▶ [What this task involves] Type each record below again, with the same words.

▶ [Data extracted from a collection]
= Beginning of Section =
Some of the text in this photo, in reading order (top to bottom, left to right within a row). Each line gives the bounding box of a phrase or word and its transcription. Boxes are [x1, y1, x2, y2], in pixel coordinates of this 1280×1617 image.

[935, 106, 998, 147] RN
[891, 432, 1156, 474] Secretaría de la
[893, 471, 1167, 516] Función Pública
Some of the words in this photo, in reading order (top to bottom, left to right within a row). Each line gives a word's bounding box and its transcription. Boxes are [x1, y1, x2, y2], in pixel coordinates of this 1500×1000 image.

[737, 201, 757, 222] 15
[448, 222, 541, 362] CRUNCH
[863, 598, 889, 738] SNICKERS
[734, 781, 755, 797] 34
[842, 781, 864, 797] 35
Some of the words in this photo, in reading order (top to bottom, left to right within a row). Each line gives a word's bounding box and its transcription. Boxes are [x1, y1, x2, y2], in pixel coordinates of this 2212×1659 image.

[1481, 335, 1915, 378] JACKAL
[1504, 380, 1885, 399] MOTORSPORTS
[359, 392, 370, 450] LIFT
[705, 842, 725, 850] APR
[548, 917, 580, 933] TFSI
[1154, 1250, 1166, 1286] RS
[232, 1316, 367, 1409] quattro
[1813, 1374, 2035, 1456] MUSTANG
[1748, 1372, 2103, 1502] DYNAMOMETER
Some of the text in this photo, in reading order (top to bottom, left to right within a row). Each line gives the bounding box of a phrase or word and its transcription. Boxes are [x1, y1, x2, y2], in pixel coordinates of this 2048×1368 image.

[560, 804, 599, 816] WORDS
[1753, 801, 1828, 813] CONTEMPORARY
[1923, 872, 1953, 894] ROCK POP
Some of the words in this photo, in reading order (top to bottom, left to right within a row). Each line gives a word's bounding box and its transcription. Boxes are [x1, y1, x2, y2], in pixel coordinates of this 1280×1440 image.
= End of Section =
▶ [Response]
Some of the text in this photo, in reading order (top to bottom, left to right within a row). Each line gives the bounding box of a phrase or word and its transcription. Boxes are [x1, y1, x2, y2], in pixel coordinates of this 1280×1617 image.

[935, 106, 998, 147] RN
[891, 432, 1156, 474] Secretaría de la
[893, 471, 1167, 516] Función Pública
Some of the words in this photo, in reading order (top to bottom, left to right within a row). Each line gives a word's bounding box and its transcription. Boxes are [x1, y1, x2, y2], in pixel coordinates of this 1500×1000 image.

[737, 201, 757, 222] 15
[448, 222, 541, 362] CRUNCH
[863, 598, 889, 738] SNICKERS
[734, 781, 755, 797] 34
[842, 781, 864, 797] 35
Some of the words in this photo, in reading order (top to bottom, left to right within a row). Each line gives a word's bounding box and its transcription. Boxes are [x1, y1, x2, y2], in pixel coordinates of this 2212×1659 image.

[1481, 335, 1915, 378] JACKAL
[1504, 380, 1885, 399] MOTORSPORTS
[359, 392, 370, 450] LIFT
[705, 842, 725, 850] APR
[548, 917, 580, 933] TFSI
[1154, 1250, 1166, 1286] RS
[232, 1316, 367, 1409] quattro
[1813, 1374, 2035, 1456] MUSTANG
[1748, 1372, 2103, 1502] DYNAMOMETER
Some of the text in this photo, in reading order (top to bottom, left to right within a row). Each line gives the bounding box of a phrase or word and its transcription. Boxes are [x1, y1, x2, y2], in pixel coordinates of this 2048×1368 image.

[560, 804, 599, 816] WORDS
[1753, 801, 1828, 813] CONTEMPORARY
[1923, 872, 1953, 894] ROCK POP
Some of the words in this photo, in reading order (top to bottom, left to right within a row). Each line gives a word's bounding box and its transcription. Boxes are [x1, y1, x2, y2], in pixel coordinates of this 1280×1440 image.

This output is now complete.